“The Wrong Person to Ask” by Marjorie Lotfi Gill

Marjorie Lotfi Gill

THE WRONG PERSON TO ASK

Tehran, 1977

Ask me for the measure of rose water
in baklava, how to butter each layer of filo
away from the corner so it holds itself apart
under heat, or the exact crush of pistachio,
fine as rubble, not yet dust.

Ask why the man squatting on our roof
in the worst sun of Ramadan refused even a sip
of my water, waved it away like a drink offered
in rain. Ask about the fountain out back, its patter
of stray drops against sidewalk the devil’s music.
Hitchi, he’d said, I want nothing.

Ask me how to speak one kind of English
at school and another at home.

Ask about the cherry tree at the bottom
of the garden, and the only time I remember
it in fruit: my father smiling, pulling me
from the cleft of its branches in darkness.

Ask about the bars on my bedroom window.

Ask me how many sugar cubes I could slip into
my chai before Maman Bozorg noticed. (Four.)

Ask about giving live chicks in a cardboard box
as a get-well gift for a child with chicken pox.

Ask why the baker mixed the dough for barbari
in an old claw-footed tub before feeding
stretched handfuls into the mouth of the fire.

Ask about the army of ants, daytimes, and the scattering
of cockroaches, nights, how they can fly into dreams.

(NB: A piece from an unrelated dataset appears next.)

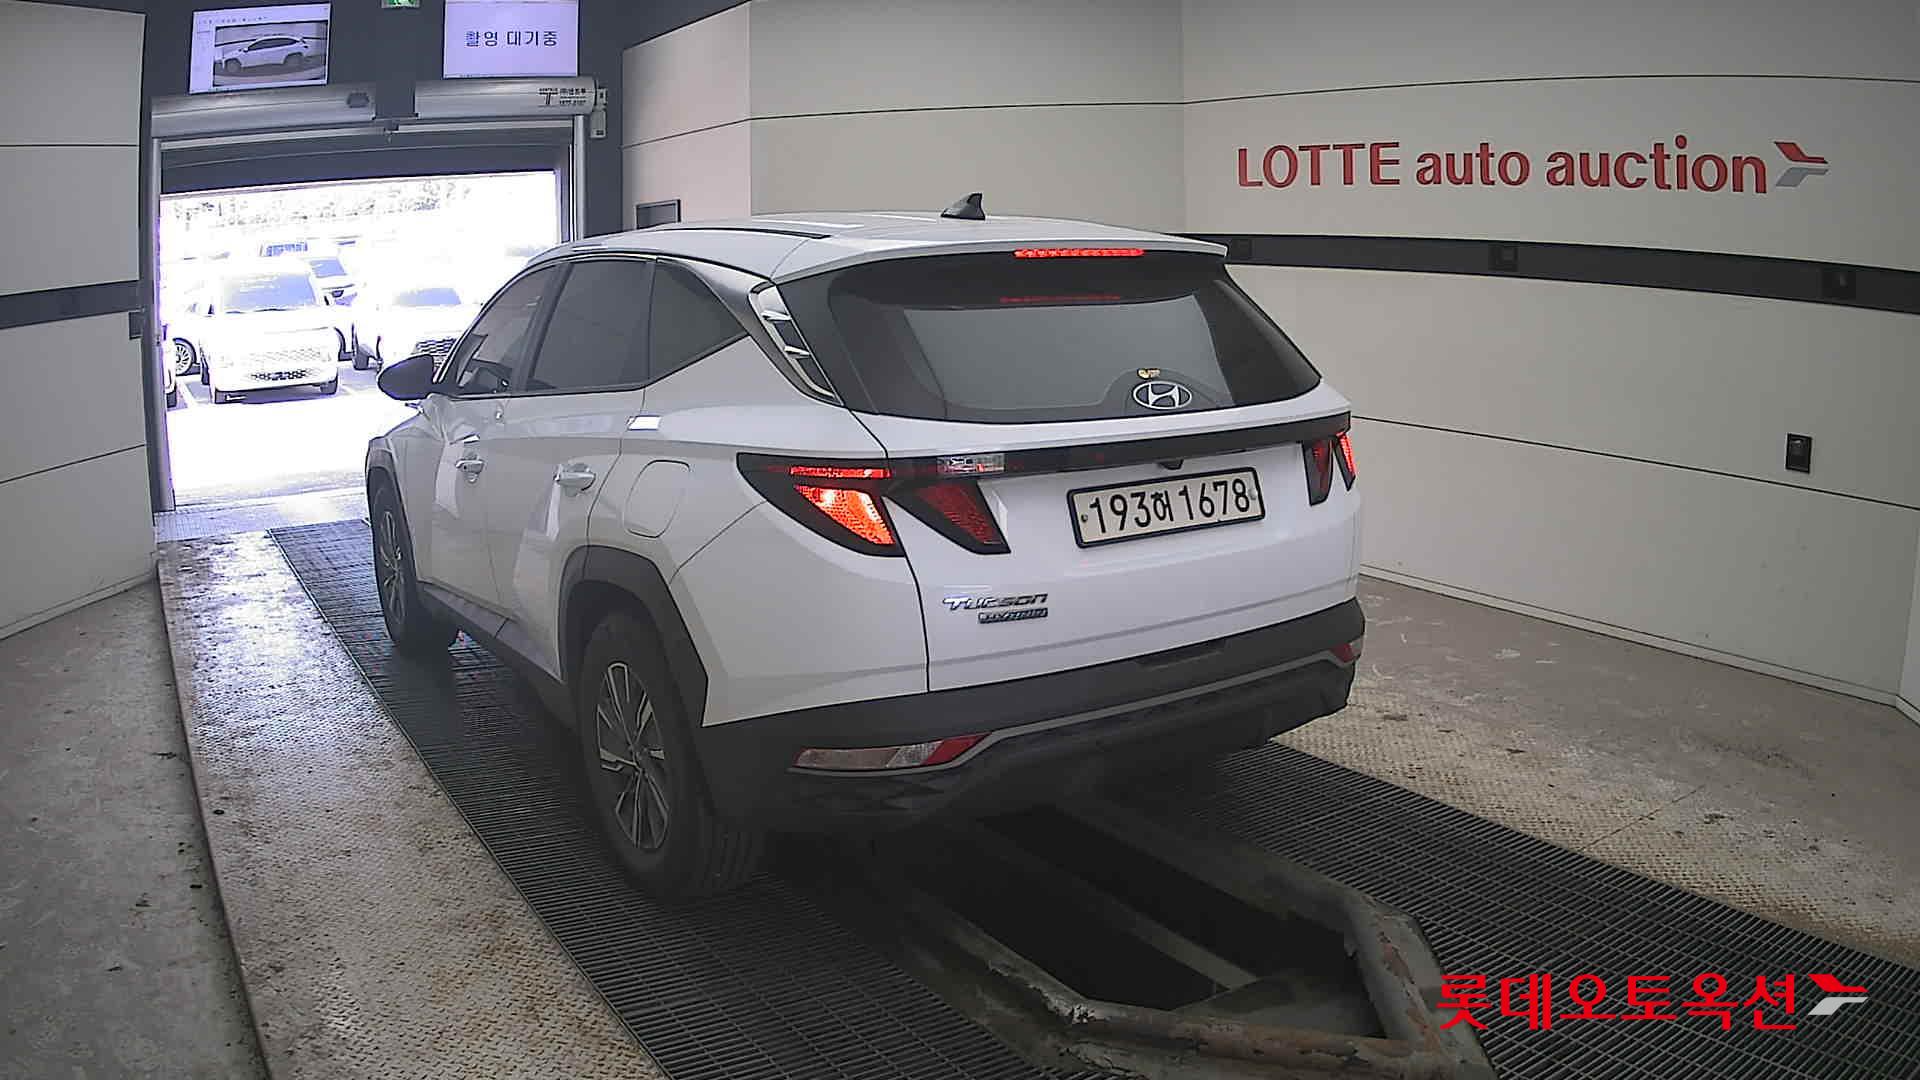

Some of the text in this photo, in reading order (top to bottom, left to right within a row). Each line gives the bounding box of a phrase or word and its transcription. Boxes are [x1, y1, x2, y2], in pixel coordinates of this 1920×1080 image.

[506, 31, 557, 47] 대기중
[1237, 135, 1767, 193] LOTTE auto auction
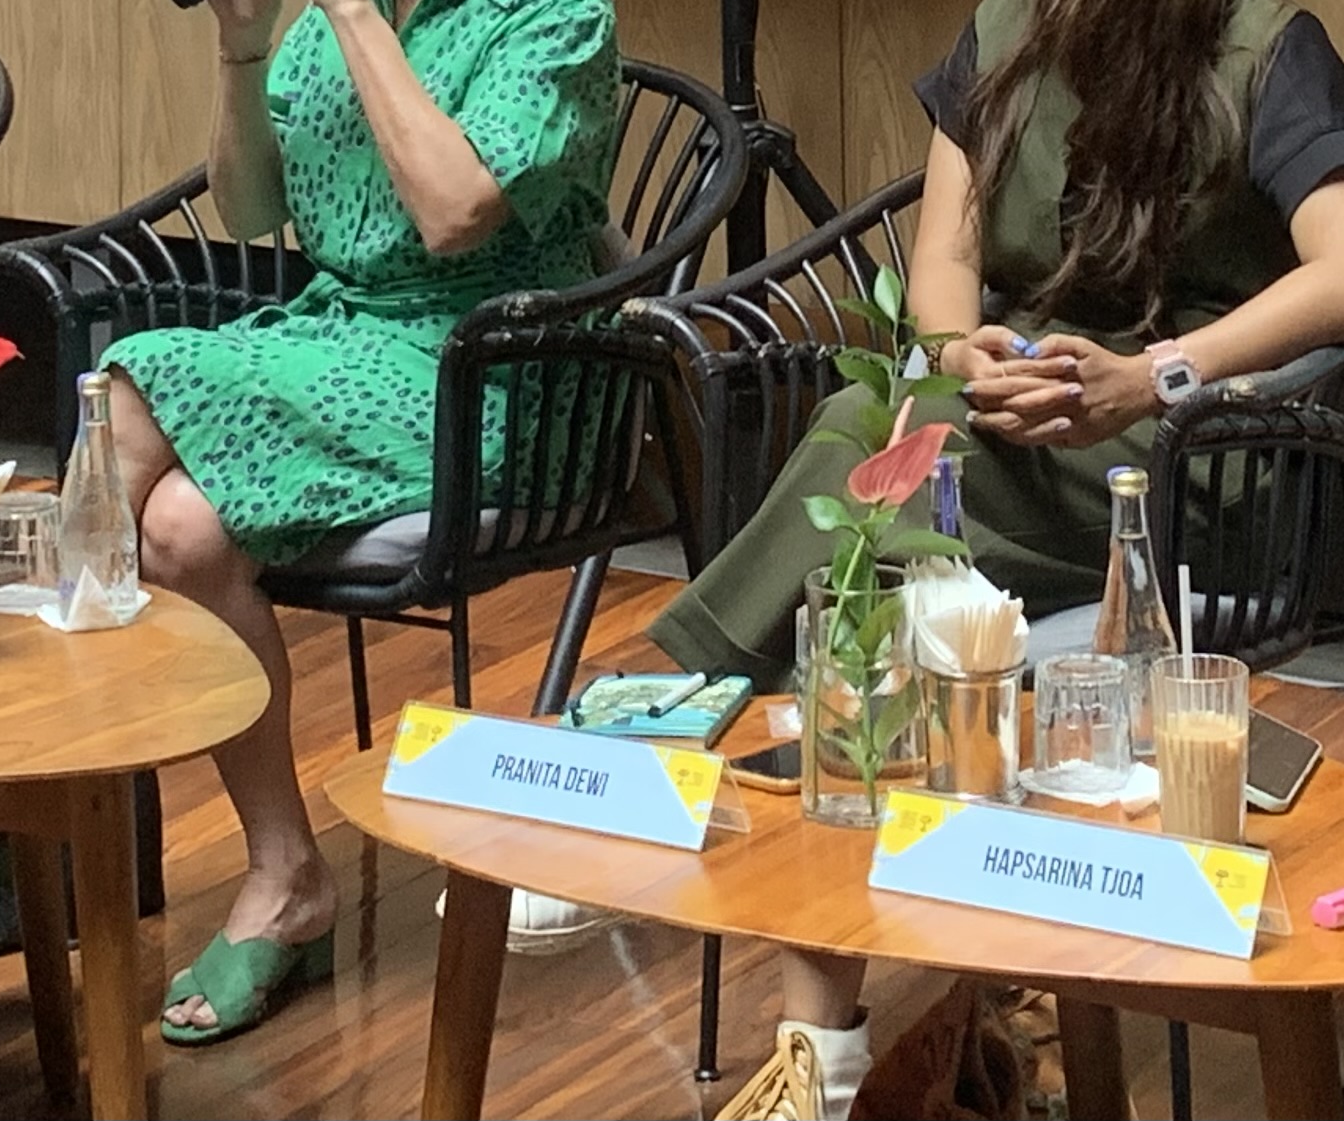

Ask about Kadijeh and Anola, their mud-walled hut
squat in our rose garden, tending the Shomal house
and their sealed mouths for twenty-five years.

Ask me about chicken soup for a childhood cold,
the beheading of a bird for my benefit, the refusal
to open my mouth in gratitude.

Ask how the grandfather clock of a samovar,
its bubble and hiss, marks out time in the house.

Ask me how to taarof, how to say no
when you mean yes.

Ask about my Ameh, the warmth of her arms around
my skinny frame, her language that seeped across
my tongue. Ask how I can have forgotten Farsi
and the sound of her voice bidding me, night
after night, to sleep, to let the day go.

Ask me how to listen.

from Poets Respond

__________

Marjorie Lotfi Gill: “Because I am half Iranian and grew up in Iran, people have been asking me what I think about President Trump pulling out of the Iran nuclear deal this week. This poem is what I wish they would ask instead.” (web)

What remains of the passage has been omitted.